Esse cenário justifica a propositura do Projeto de Lei, manifestamente inconstitucional, que visa proibir o reconhecimento do casamento civil entre pessoas do mesmo sexo no Brasil.

2 DA CONSTITUIÇÃO CIDADÃ

É possível citar mais de um princípio constitucional que assegure o direito de casamento civil a casais homoafetivos, tais como: igualdade, dignidade da pessoa humana e liberdade. O princípio da igualdade, no artigo 5º, caput, da Constituição Federal, estabelece:

“Todos são iguais perante a lei, sem distinção de qualquer natureza, garantindo-se aos brasileiros e aos estrangeiros residentes no País a inviolabilidade do direito à vida, à liberdade, à igualdade, à segurança e à propriedade.” (Brasil, 1988).
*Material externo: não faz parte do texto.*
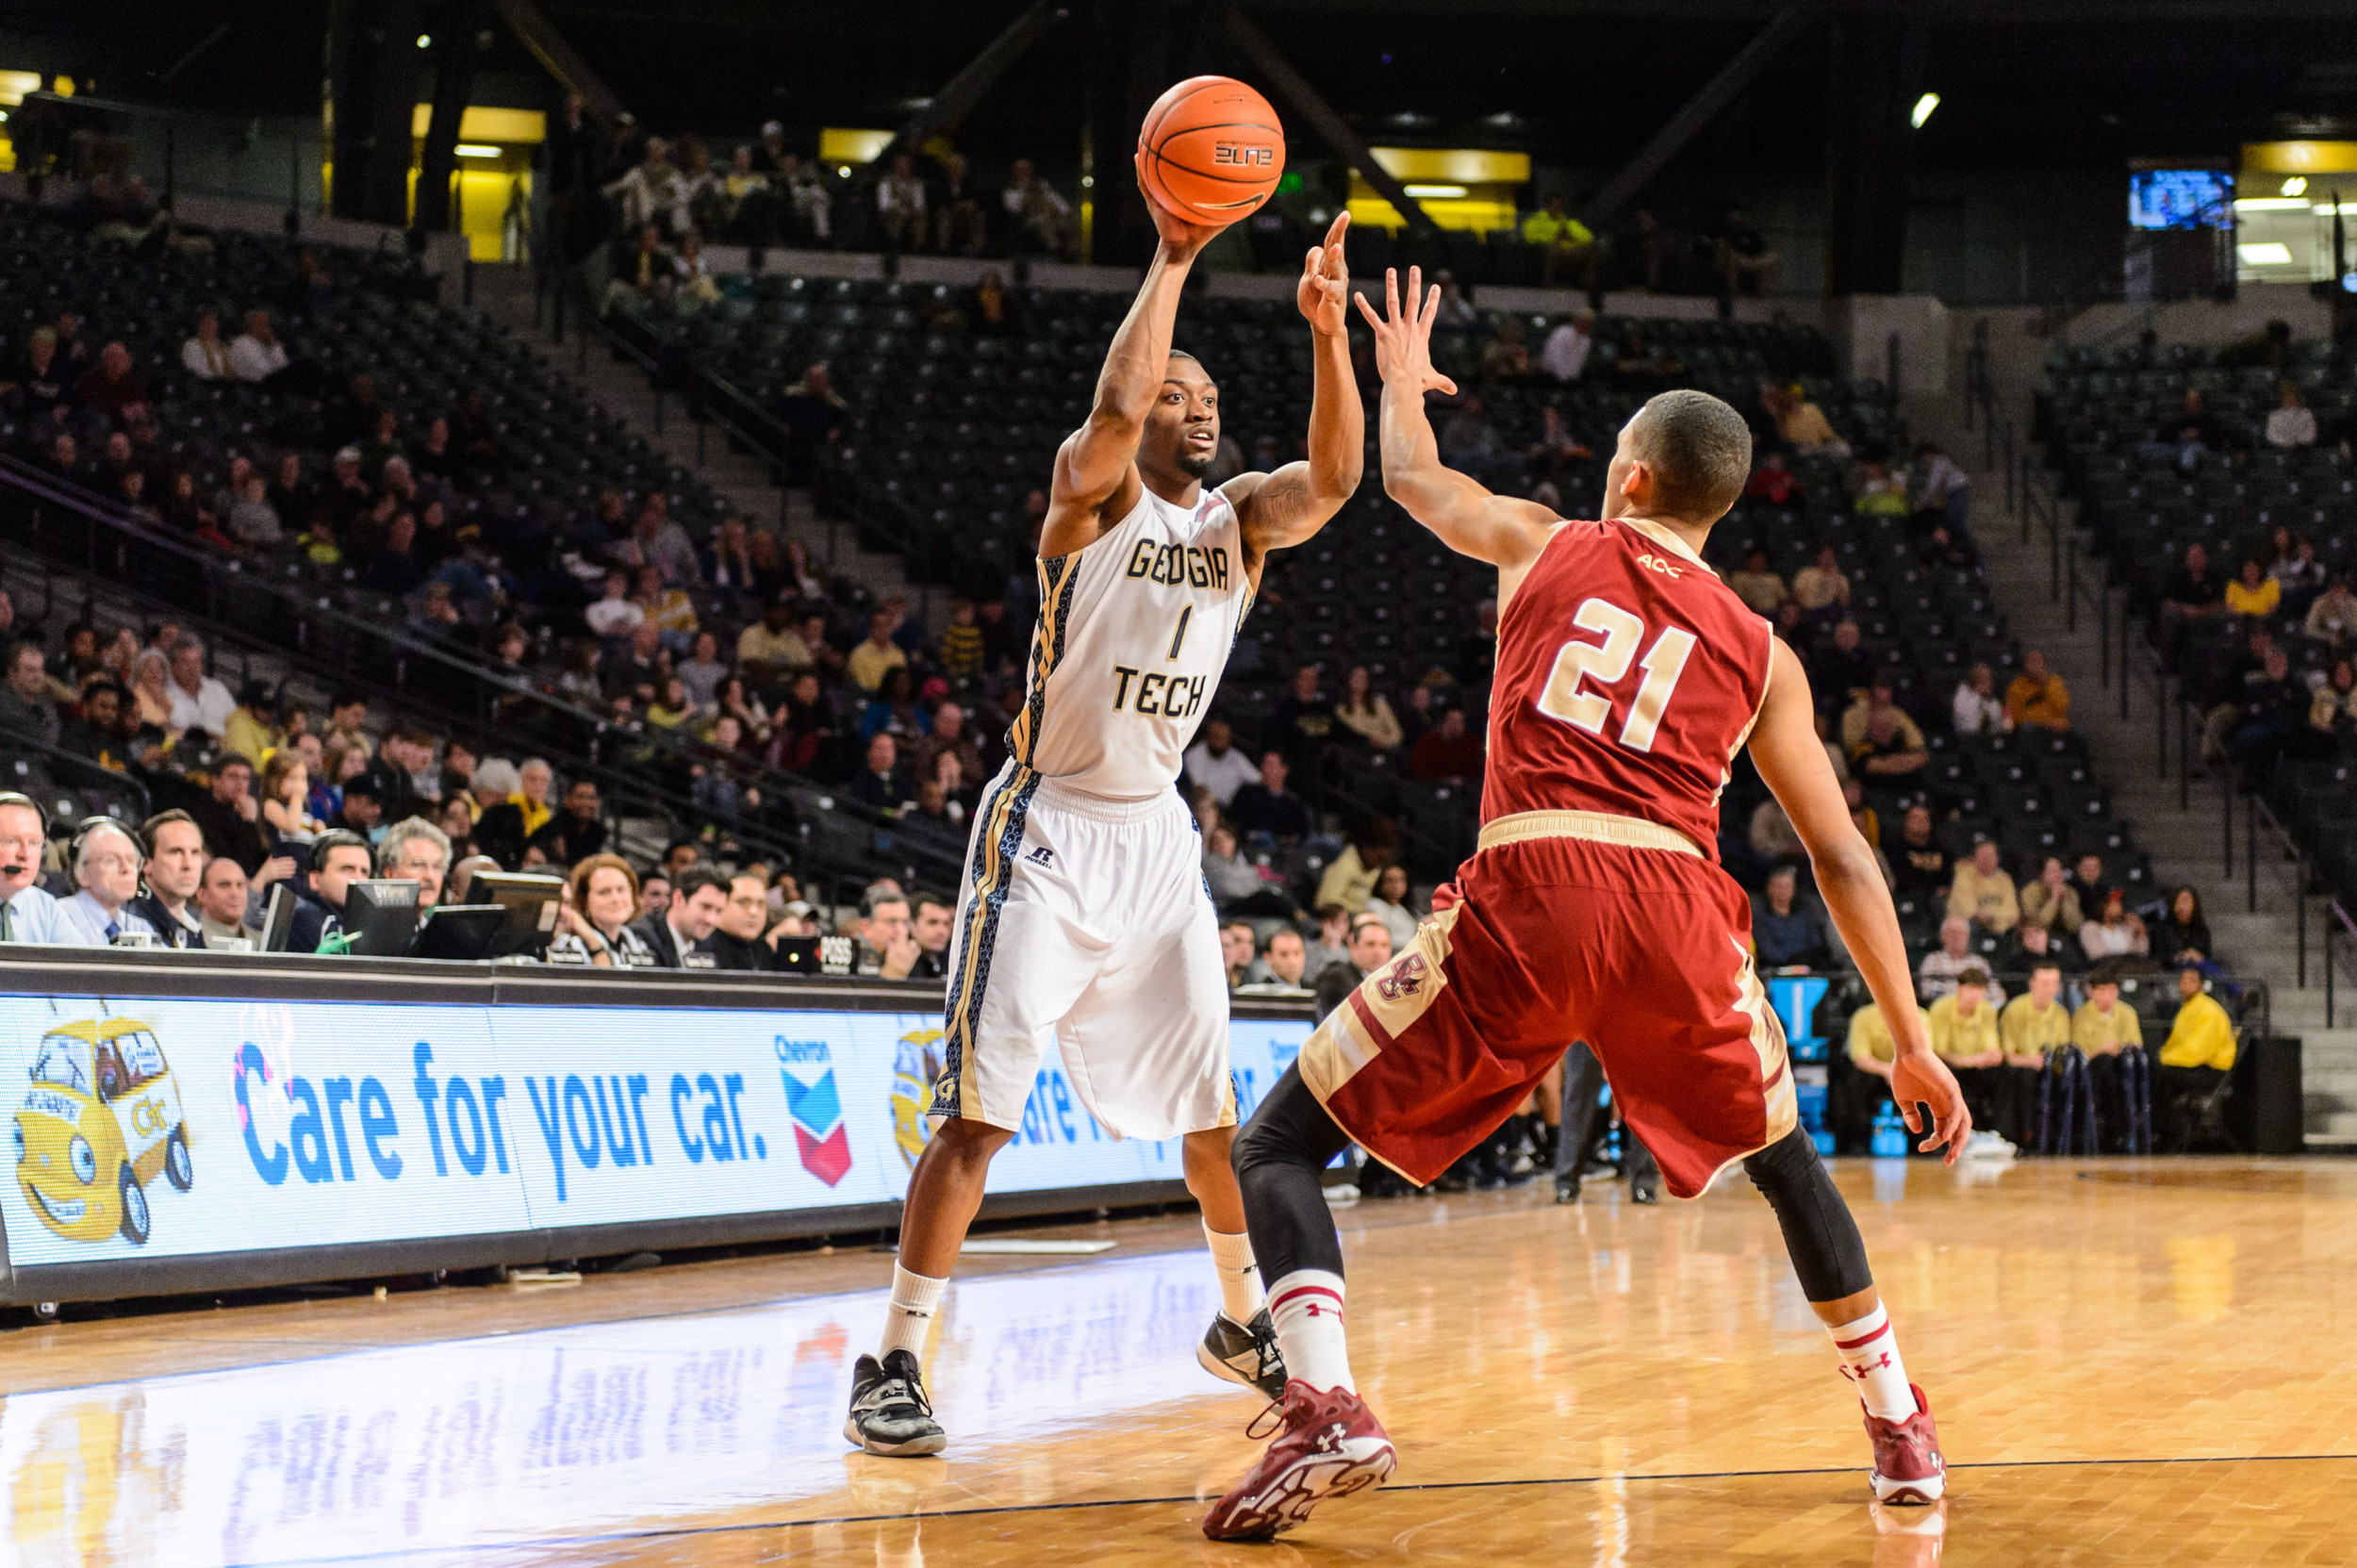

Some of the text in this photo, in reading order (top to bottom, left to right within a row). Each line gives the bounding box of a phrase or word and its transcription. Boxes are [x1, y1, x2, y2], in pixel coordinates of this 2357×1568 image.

[1637, 553, 1683, 579] ACC
[1166, 603, 1194, 661] 1
[1113, 664, 1207, 718] TECH
[1537, 597, 1697, 752] 21
[1024, 854, 1053, 870] RUSSELL
[774, 1034, 831, 1063] Chevron
[235, 1041, 767, 1203] Care for your car.
É importante ressaltar que a igualdade não se restringe apenas ao conceito formal, mas também abrange a ideia de igualdade material, que trata de forma igual os iguais e de forma desigual os desiguais. Nesse sentido, mesmo que o texto formal fosse aplicado de forma eficaz, ainda seria necessário implementar políticas públicas para assegurar a igualdade material, proporcionando paridade de armas a esses cidadãos discriminados pela sociedade. A igualdade material busca assegurar que todos tenham as mesmas oportunidades e condições de exercício de seus direitos, eliminando desigualdades fáticas.
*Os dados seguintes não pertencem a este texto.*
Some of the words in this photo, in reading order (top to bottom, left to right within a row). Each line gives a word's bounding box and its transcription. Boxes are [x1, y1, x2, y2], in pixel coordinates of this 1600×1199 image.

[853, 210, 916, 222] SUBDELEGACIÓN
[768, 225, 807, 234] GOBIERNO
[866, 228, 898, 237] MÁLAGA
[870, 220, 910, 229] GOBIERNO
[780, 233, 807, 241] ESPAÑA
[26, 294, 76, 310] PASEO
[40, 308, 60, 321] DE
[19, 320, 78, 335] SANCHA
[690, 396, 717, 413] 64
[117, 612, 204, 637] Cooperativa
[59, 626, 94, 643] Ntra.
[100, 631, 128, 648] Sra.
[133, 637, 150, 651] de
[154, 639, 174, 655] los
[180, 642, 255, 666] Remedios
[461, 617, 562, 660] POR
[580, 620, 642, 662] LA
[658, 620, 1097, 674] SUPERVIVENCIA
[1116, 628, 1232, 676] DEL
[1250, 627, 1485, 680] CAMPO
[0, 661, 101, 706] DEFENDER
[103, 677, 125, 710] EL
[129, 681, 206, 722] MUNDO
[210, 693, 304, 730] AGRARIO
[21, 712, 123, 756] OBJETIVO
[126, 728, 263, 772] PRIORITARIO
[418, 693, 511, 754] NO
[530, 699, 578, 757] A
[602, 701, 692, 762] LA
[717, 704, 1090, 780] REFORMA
Já o princípio da dignidade da pessoa humana, no artigo 1º, inciso III, da Constituição Federal, dispõe que, mais do que um direito à vida, a pessoa tem direito a uma existência digna, respeitosa e honrosa.

No Brasil atual, pessoas homossexuais são “cidadãos de papel”, termo utilizado por Gilberto Dimenstein para conceituar aqueles que possuem direitos apenas no papel, direitos adquiridos, mas não usufruídos.

Ainda, o princípio da liberdade, se estende além da simples liberdade de ir e vir, abarcando também a liberdade de escolhas, expressão, manifestação e pensamento. No contexto das relações afetivas e familiares, esse princípio é crucial para garantir que cada indivíduo tenha a liberdade de escolher seu parceiro e de viver sua afetividade de maneira plena, sem imposições ou discriminações. No mais, a liberdade de escolha está intimamente relacionada ao direito de cada pessoa decidir com quem deseja compartilhar sua vida, sem que essa decisão seja cerceada por normas que discriminam com base na orientação sexual.

Além disso, é importante ressaltar o disposto no artigo 5º, X, da CRFB/88, que assegura a inviolabilidade da intimidade, da vida privada, da honra e da imagem das pessoas.

Ademais, esses direitos estão previstos no rol de garantias individuais da Carta Magna e, conforme o artigo 60, § 4º, inciso IV, da CRFB/88, não podem ser modificados por emenda que vise sua abolição ou restrição, sendo, portanto, cláusulas pétreas.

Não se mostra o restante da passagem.